SOME ASPECTS OF ASR TRANSCRIPTION BASED UNSUPERVISED SPEAKER ADAPTATION FOR HMM SPEECH SYNTHESIS

Transcription

1 SOME ASPECTS OF ASR TRANSCRIPTION BASED UNSUPERVISED SPEAKER ADAPTATION FOR HMM SPEECH SYNTHESIS Bálint Tóth, Tibor Fegyó, Géza Németh Department of Telecommunications and Media Informatics Budapest University of Technology and Economics Abstract. Statistical parametric synthesis offers numerous techniques to create new voices. Speaker adaptation is one of the most exciting ones. However, it still requires high quality audio data with low signal to noise ration and precise labeling.

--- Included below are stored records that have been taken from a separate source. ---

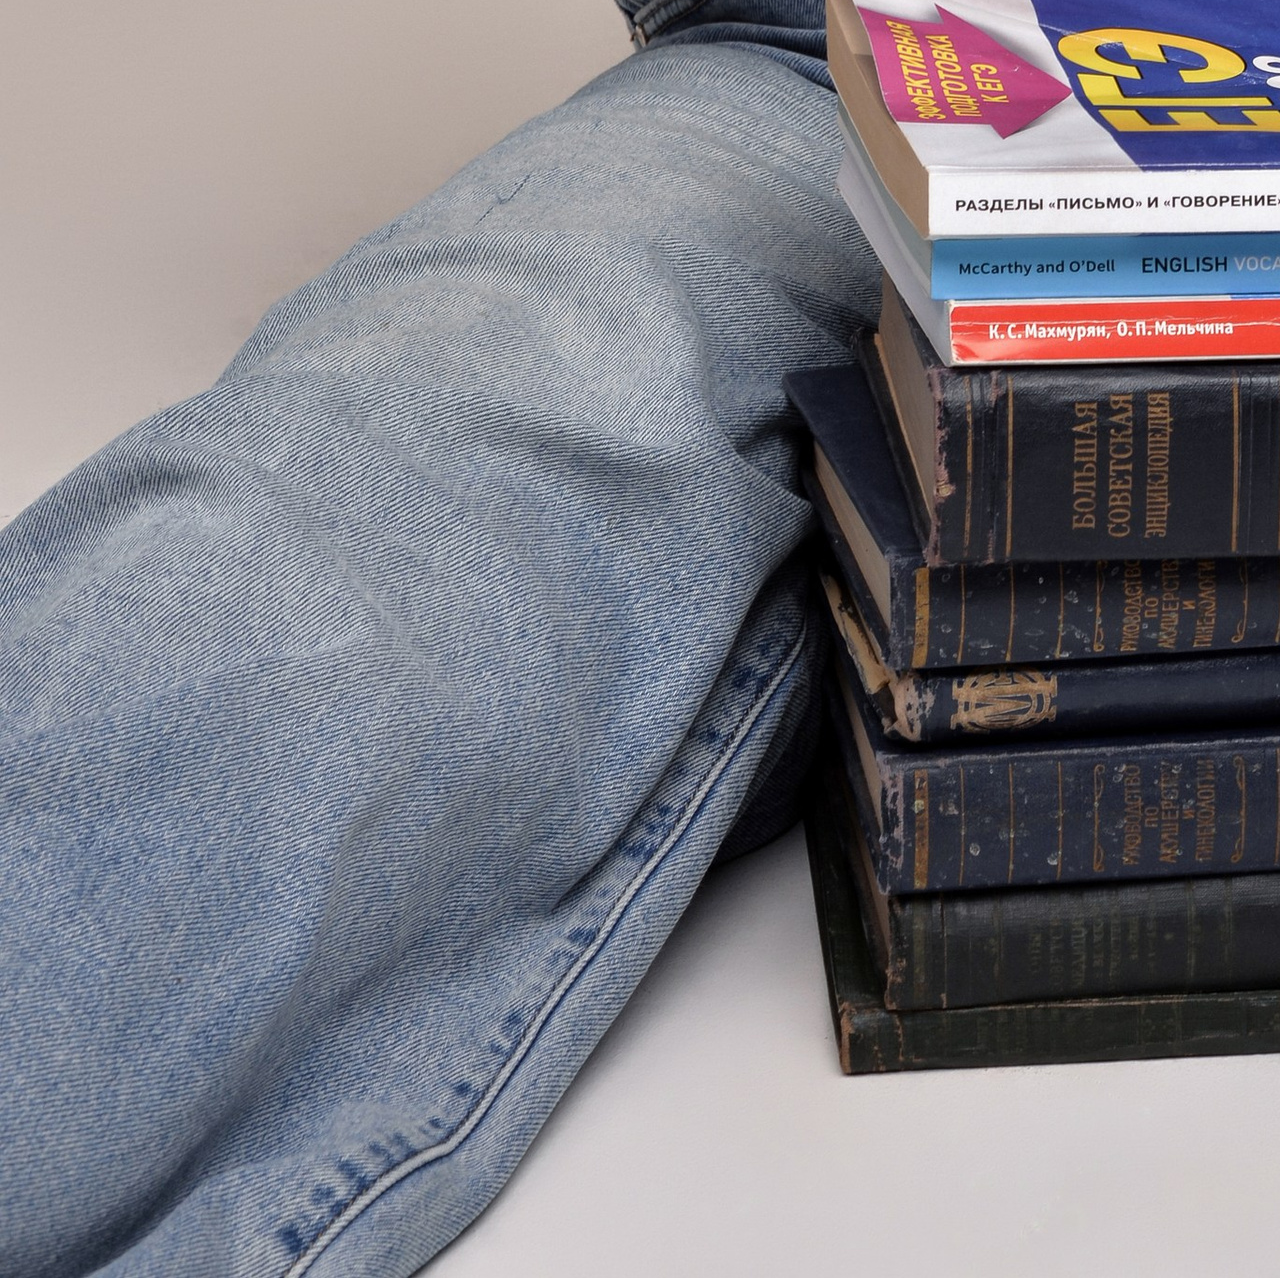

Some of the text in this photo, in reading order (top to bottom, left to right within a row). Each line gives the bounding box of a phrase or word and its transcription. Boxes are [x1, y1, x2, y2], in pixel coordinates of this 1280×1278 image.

[886, 20, 946, 120] ЭФФЕКТИВНАЯ
[925, 35, 982, 117] ПОДГОТОВКА
[970, 63, 1009, 103] К ЕГЭ
[955, 198, 1043, 213] РАЗДЕЛЫ
[1048, 196, 1142, 211] «ПИСЬМО»
[1147, 196, 1159, 209] И
[959, 261, 1030, 277] McCarthy
[1036, 260, 1064, 274] and
[1142, 256, 1228, 274] ENGLISH
[1025, 322, 1111, 341] Махмурян,
[1154, 320, 1234, 337] Мельчина
[1072, 401, 1098, 530] БОЛЬШАЯ
[1107, 392, 1134, 538] СОВЕТСКАЯ
[1143, 391, 1174, 539] ЭНЦИКЛОПЕДИЯ
[1144, 596, 1159, 618] ПО
[1182, 599, 1196, 611] И
[1122, 763, 1143, 866] РУКОВОДСТВО
[1144, 806, 1159, 828] ПО
[1182, 808, 1195, 820] И
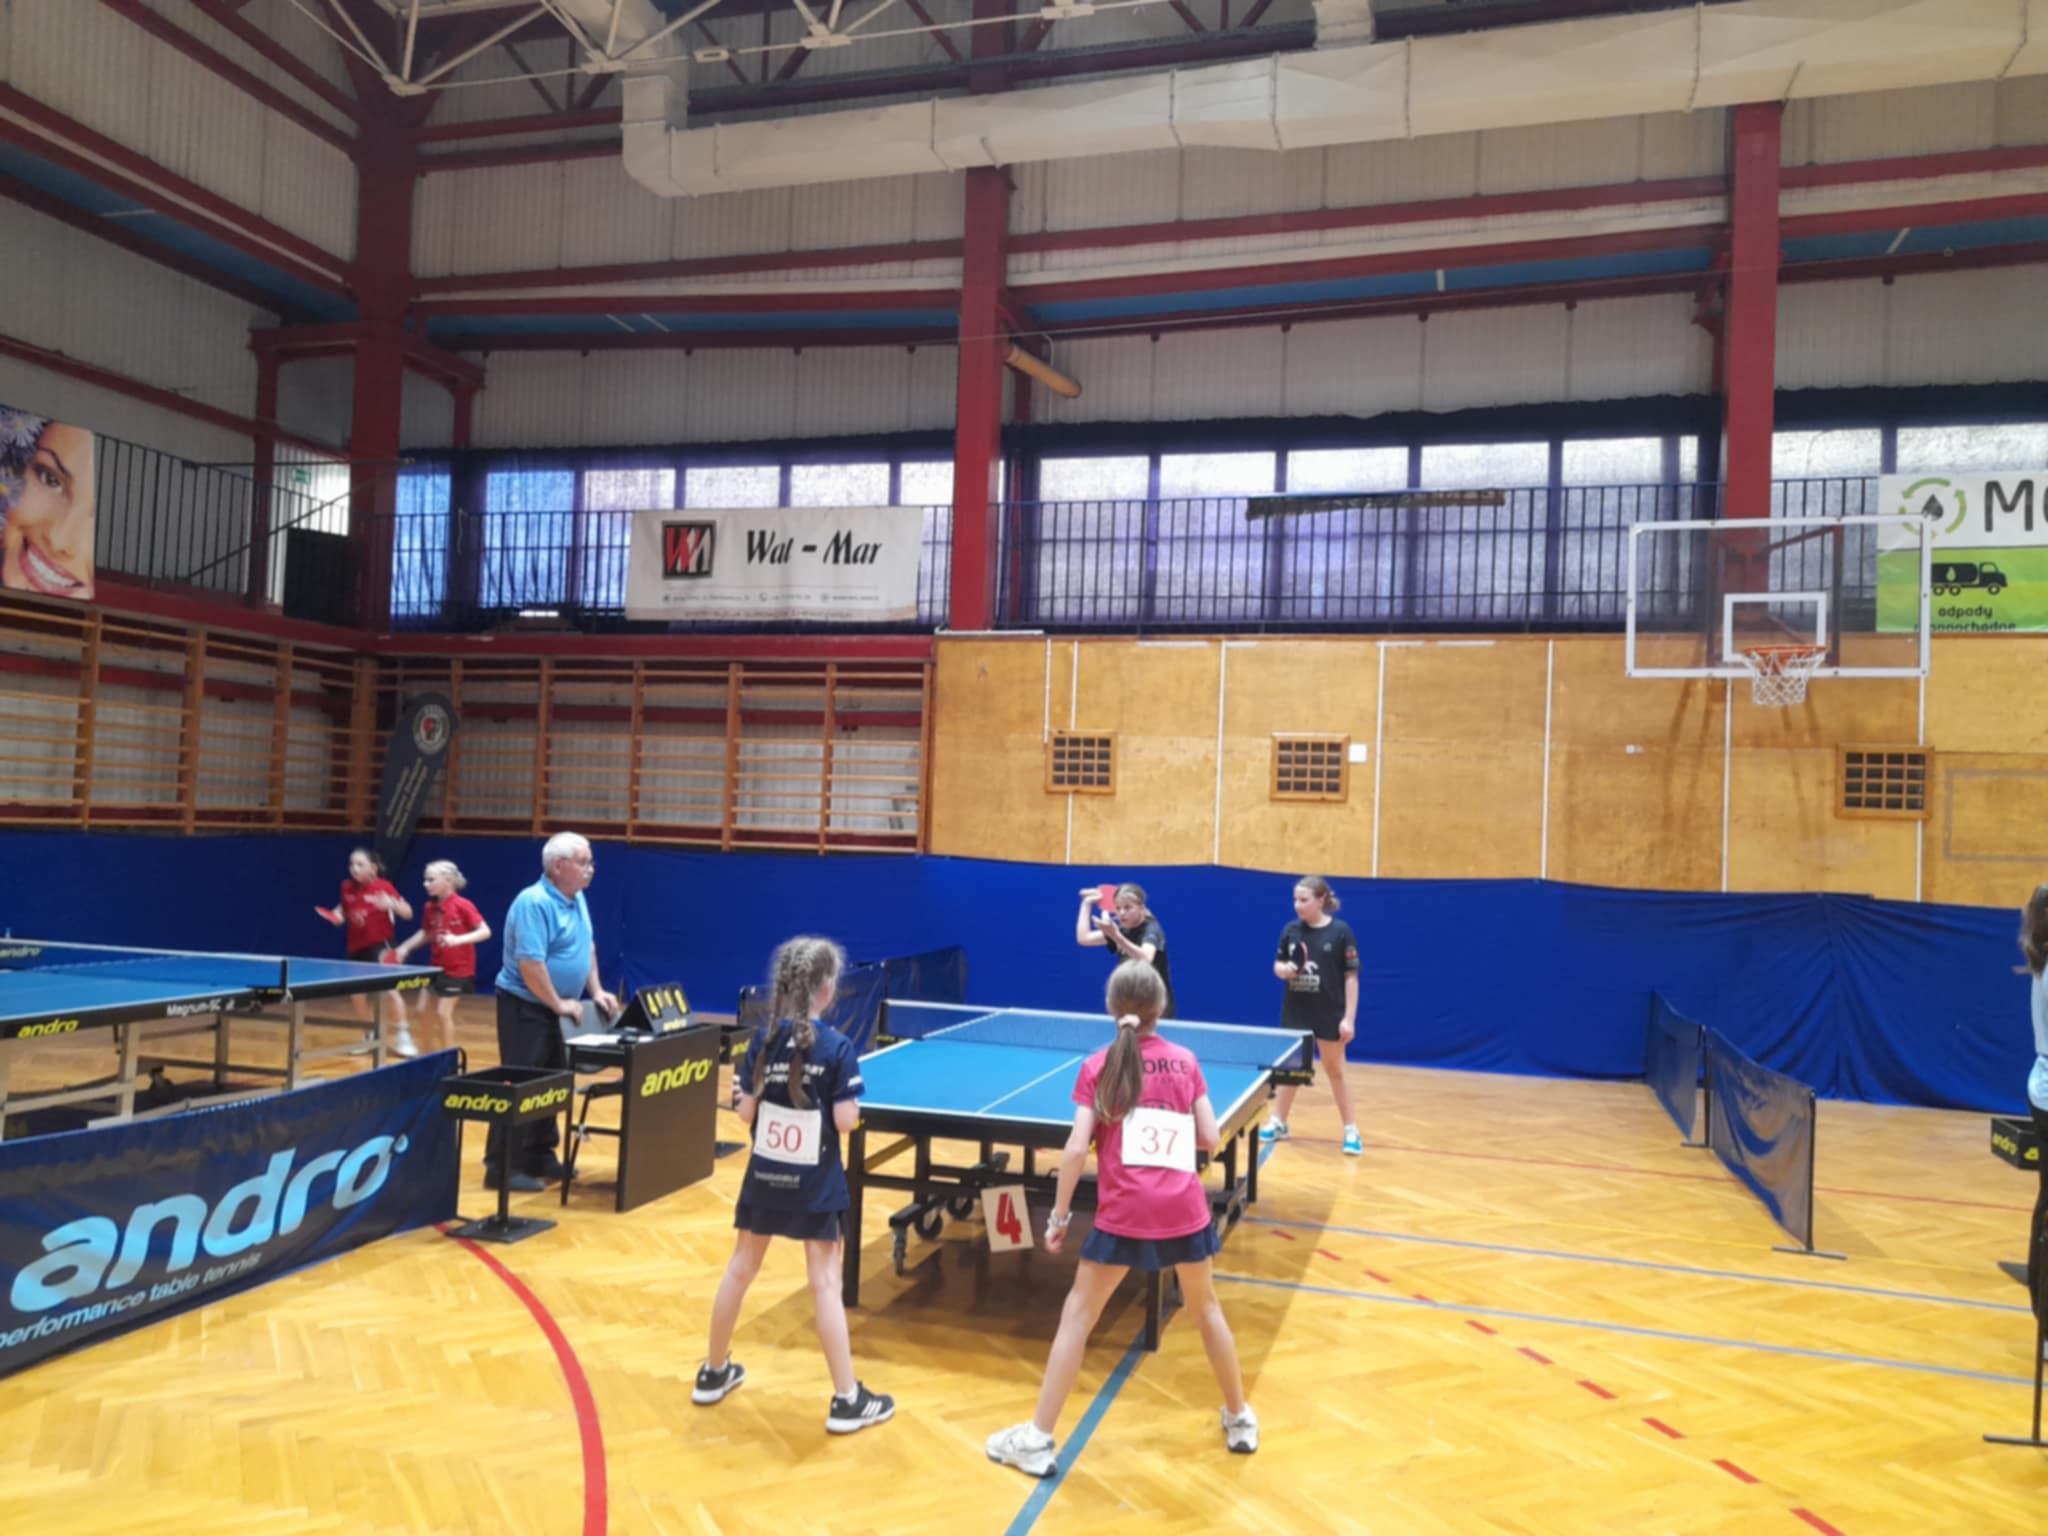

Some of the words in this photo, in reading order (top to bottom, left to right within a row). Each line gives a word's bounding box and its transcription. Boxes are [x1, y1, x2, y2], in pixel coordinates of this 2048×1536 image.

This paper presents an automatic speech recognition based unsupervised adaptation method for Hidden Markov Model (HMM) speech synthesis and its quality evaluation. The adaptation technique automatically controls the number of phone mismatches. The evaluation involves eight different HMM voices, including supervised and unsupervised speaker adaptation. The effects of segmentation and linguistic labeling errors in adaptation data are also investigated. The results show that unsupervised adaptation can contribute to speeding up the creation of new HMM voices with comparable quality to supervised adaptation. Key words: HMM-based speech synthesis, unsupervised adaptation, automatic speech recognition 1 Introduction In the last decade the primary goal of speech synthesis was to achieve natural sounding, high quality voices. As the results of unit selection and statistical parametric speech synthesis improve, new challenges emerge. Creating a new voice, which is similar to the voice characteristics of a target speaker, is an attractive challenge. Context independent unit selection synthesis demands a well constructed speech database with hours of speech, its phonetic transcription and precise labeling for each new voice. This method is time consuming and a lot of human interaction is necessary. Statistical parametric synthesis offers speaker adaptation techniques, where a speech database of moderate size is required only to create a similar voice to the target speaker s. Human interaction is still necessary for precise phonetic transcription and labeling.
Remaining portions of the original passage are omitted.